[Prompt]
Images in the data are to be skipped, while every line is restated exactly as written.

[[ Extracted material open ]]

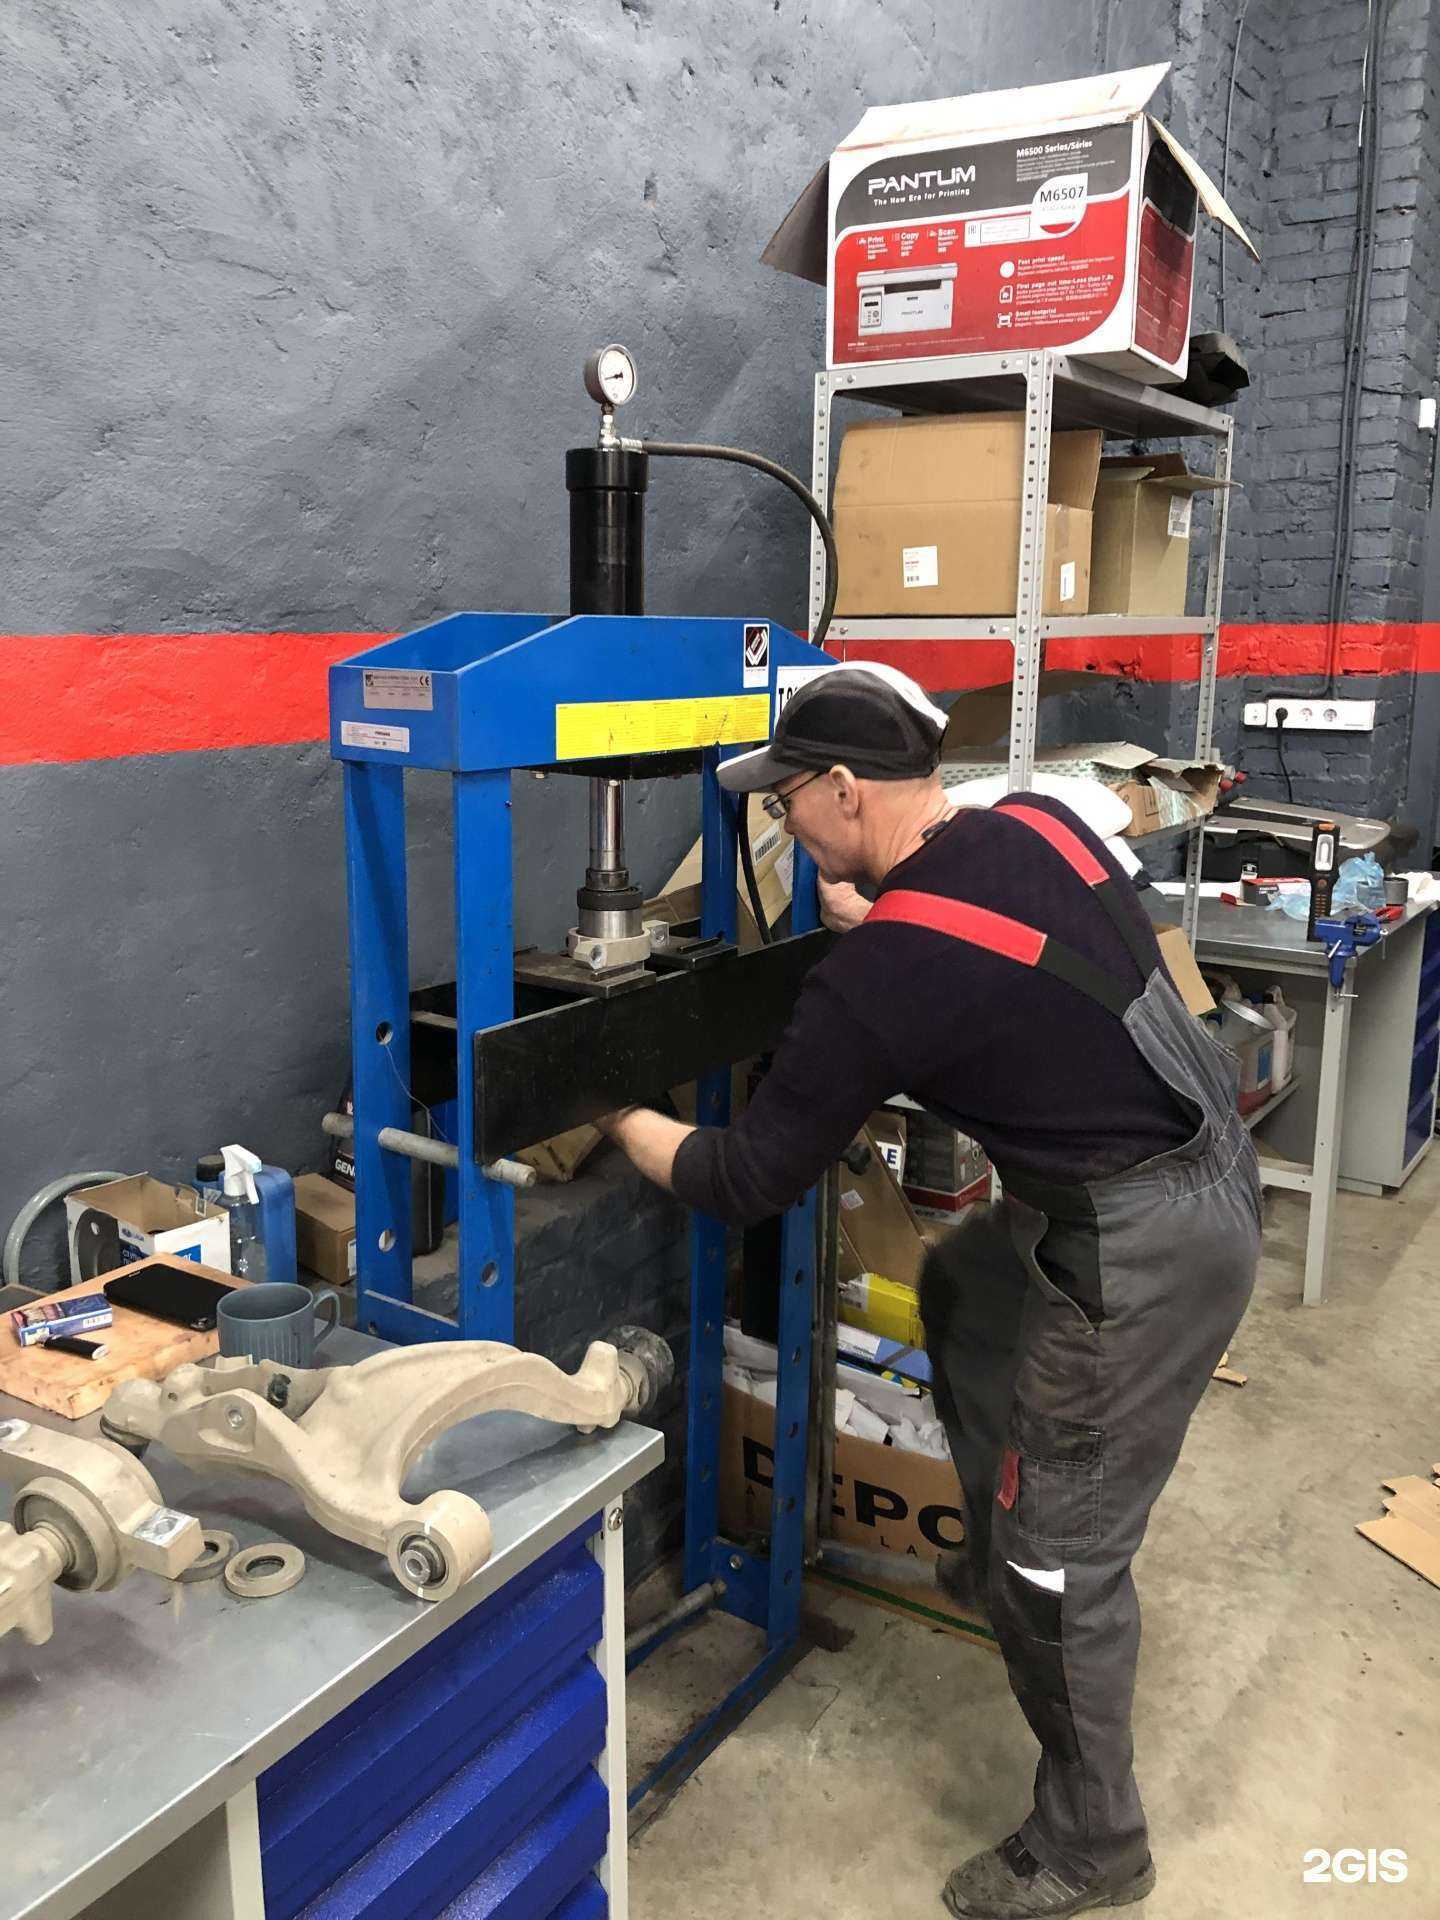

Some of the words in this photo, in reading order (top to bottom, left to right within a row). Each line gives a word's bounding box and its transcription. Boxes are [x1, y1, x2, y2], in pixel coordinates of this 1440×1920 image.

[1016, 146, 1044, 158] M6500
[868, 165, 976, 195] PANTUM
[874, 198, 887, 206] The
[909, 194, 921, 202] Era
[924, 191, 935, 200] for
[939, 188, 970, 198] Printing
[1040, 186, 1084, 203] M6507
[868, 236, 884, 244] Print
[901, 232, 919, 241] Copy
[335, 1159, 355, 1177] GEN

[[ Extracted material closed ]]

[Solution for this task]
Some of the words in this photo, in reading order (top to bottom, left to right within a row). Each line gives a word's bounding box and its transcription. Boxes are [x1, y1, x2, y2], in pixel coordinates of this 1440×1920 image.

[1016, 146, 1044, 158] M6500
[868, 165, 976, 195] PANTUM
[874, 198, 887, 206] The
[909, 194, 921, 202] Era
[924, 191, 935, 200] for
[939, 188, 970, 198] Printing
[1040, 186, 1084, 203] M6507
[868, 236, 884, 244] Print
[901, 232, 919, 241] Copy
[335, 1159, 355, 1177] GEN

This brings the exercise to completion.